## Input for this task

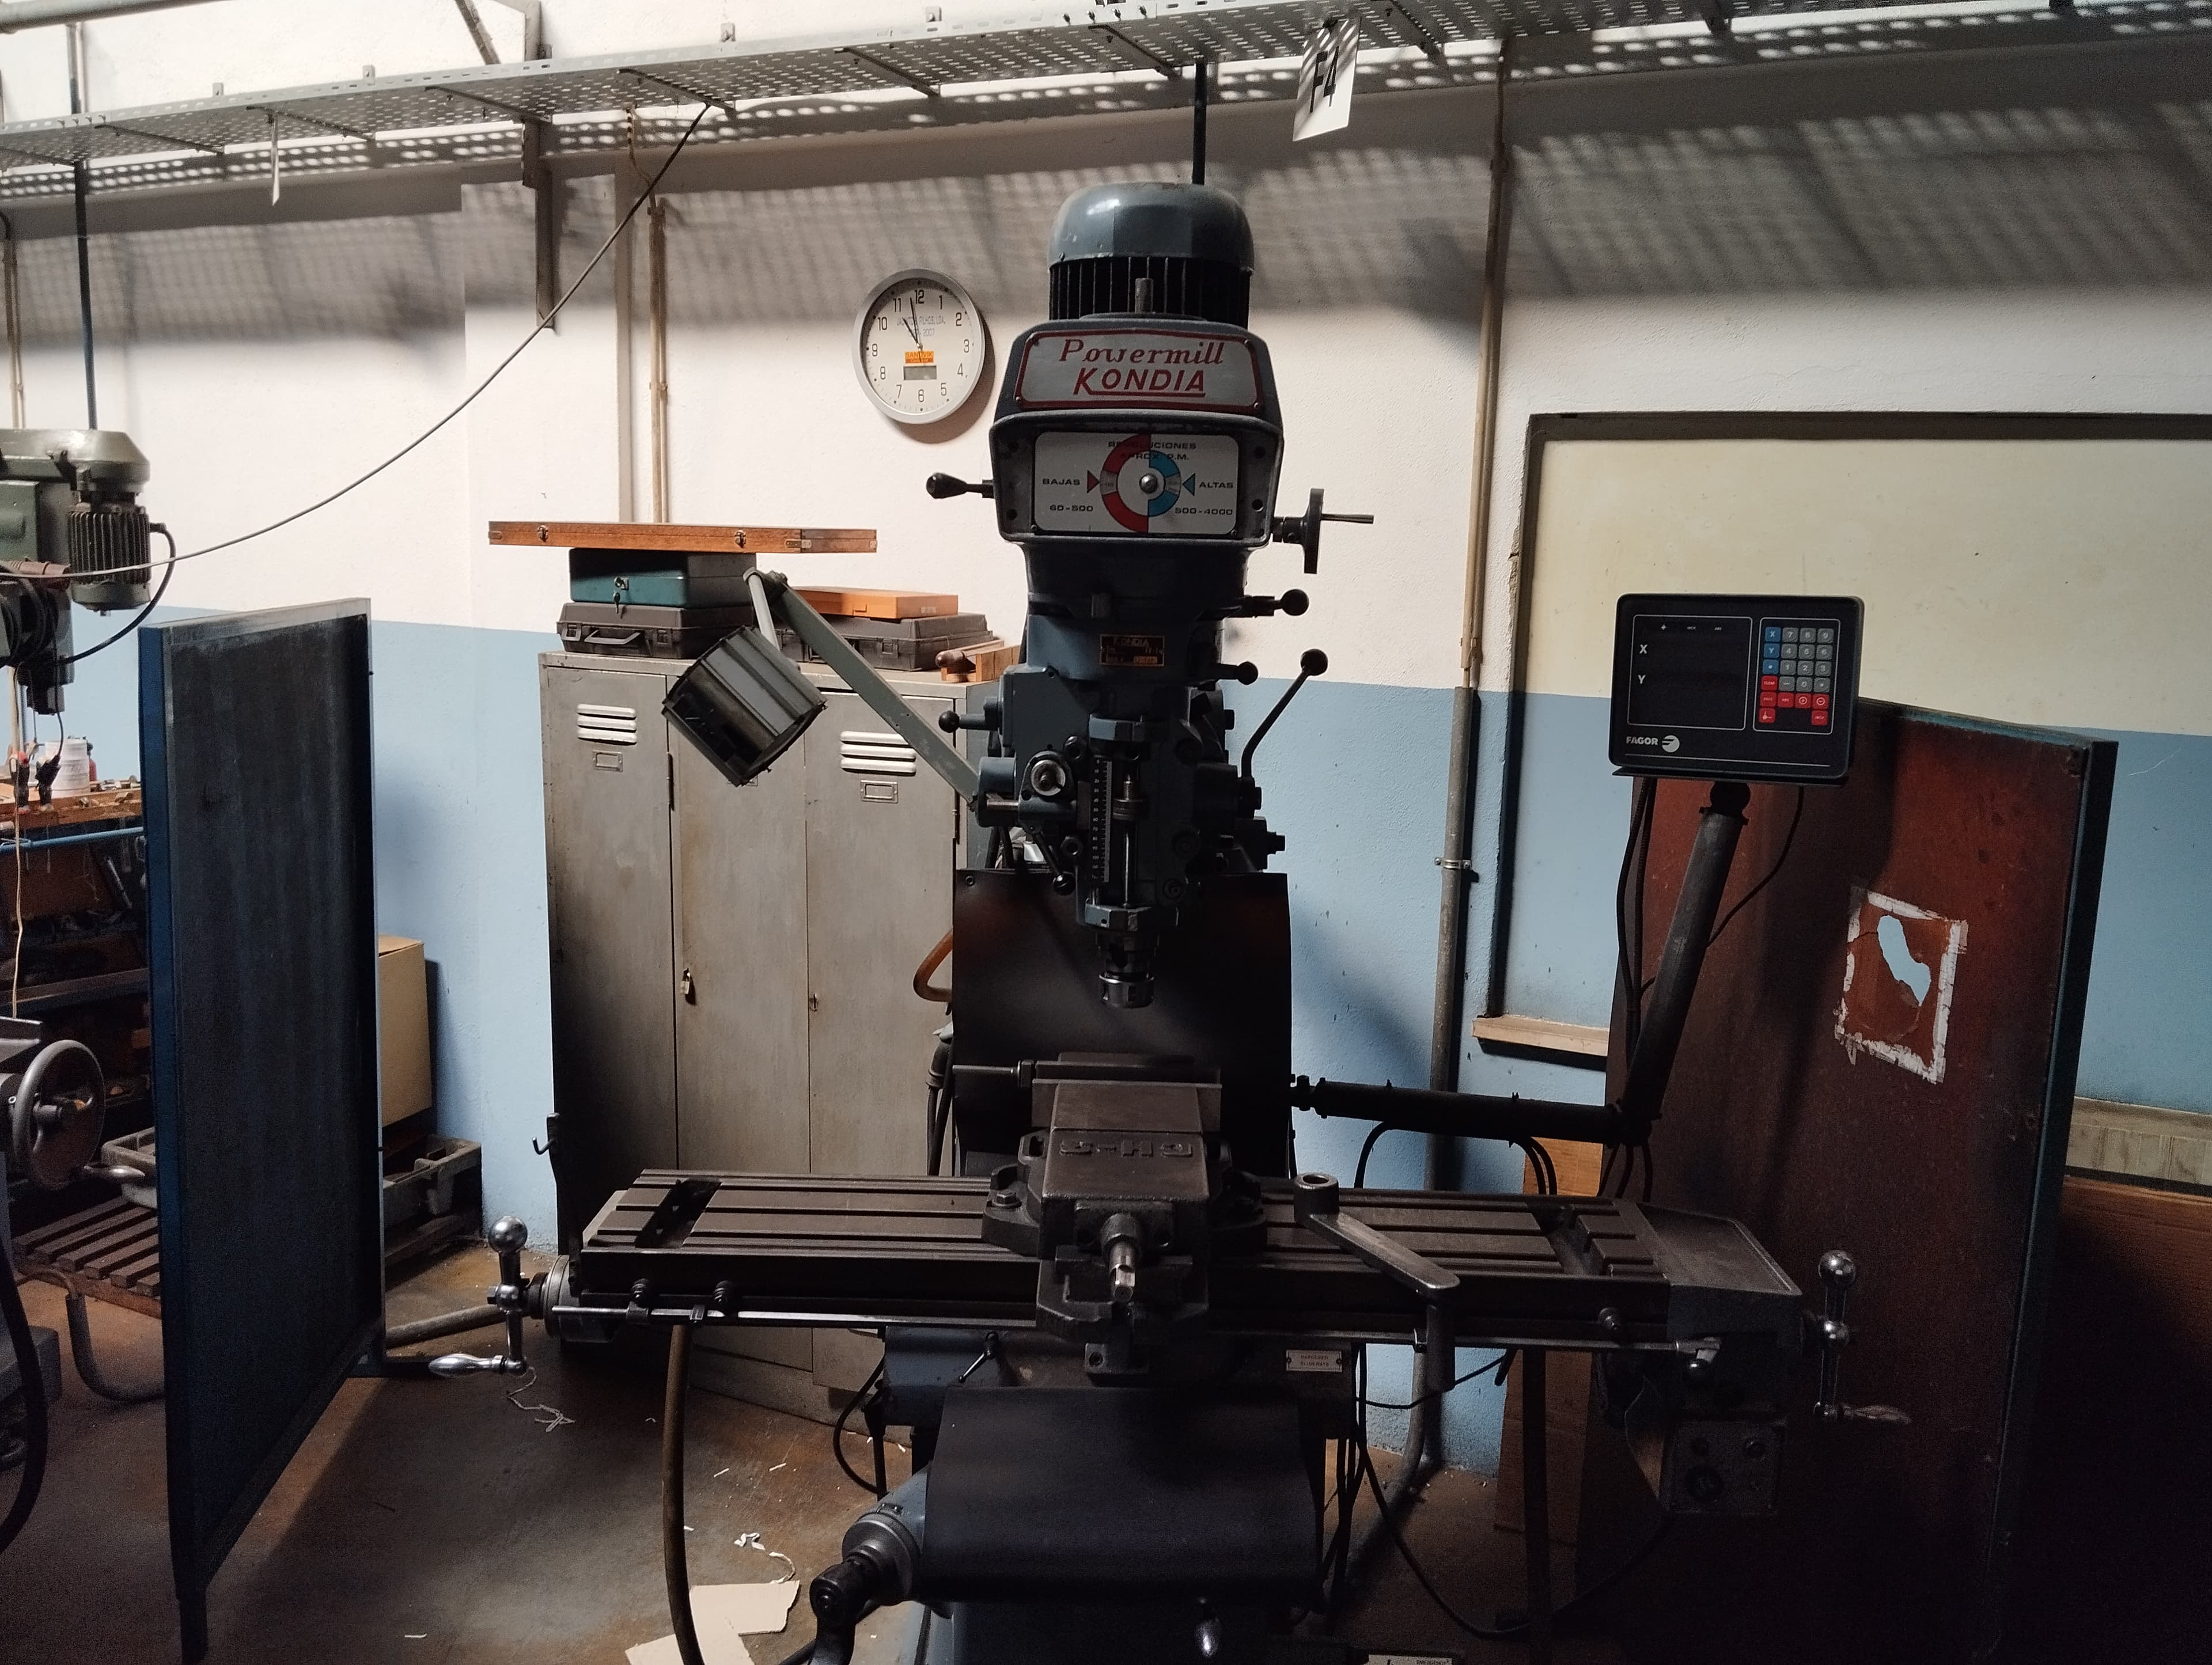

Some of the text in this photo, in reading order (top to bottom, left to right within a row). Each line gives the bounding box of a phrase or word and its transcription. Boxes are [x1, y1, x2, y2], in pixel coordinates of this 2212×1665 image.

[1309, 46, 1339, 113] F4
[914, 289, 925, 304] 12
[939, 295, 942, 309] 1
[893, 298, 902, 312] 11
[878, 317, 888, 331] 10
[955, 312, 962, 327] 2
[923, 328, 935, 336] 2007
[872, 344, 878, 356] 9
[963, 339, 970, 353] 3
[1059, 339, 1225, 365] Powermill
[880, 366, 886, 380] 8
[957, 363, 964, 377] 4
[940, 382, 947, 396] 5
[1074, 367, 1206, 397] KONDIA
[896, 384, 902, 399] 7
[918, 389, 925, 403] 6
[1639, 644, 1647, 654] X
[1638, 674, 1646, 684] Y
[1626, 736, 1658, 746] FAGOR

## Required work
The task requires the full listing to be given again verbatim, without its pictures.

## Exercise answer
Some of the text in this photo, in reading order (top to bottom, left to right within a row). Each line gives the bounding box of a phrase or word and its transcription. Boxes are [x1, y1, x2, y2], in pixel coordinates of this 2212×1665 image.

[1309, 46, 1339, 113] F4
[914, 289, 925, 304] 12
[939, 295, 942, 309] 1
[893, 298, 902, 312] 11
[878, 317, 888, 331] 10
[955, 312, 962, 327] 2
[923, 328, 935, 336] 2007
[872, 344, 878, 356] 9
[963, 339, 970, 353] 3
[1059, 339, 1225, 365] Powermill
[880, 366, 886, 380] 8
[957, 363, 964, 377] 4
[940, 382, 947, 396] 5
[1074, 367, 1206, 397] KONDIA
[896, 384, 902, 399] 7
[918, 389, 925, 403] 6
[1639, 644, 1647, 654] X
[1638, 674, 1646, 684] Y
[1626, 736, 1658, 746] FAGOR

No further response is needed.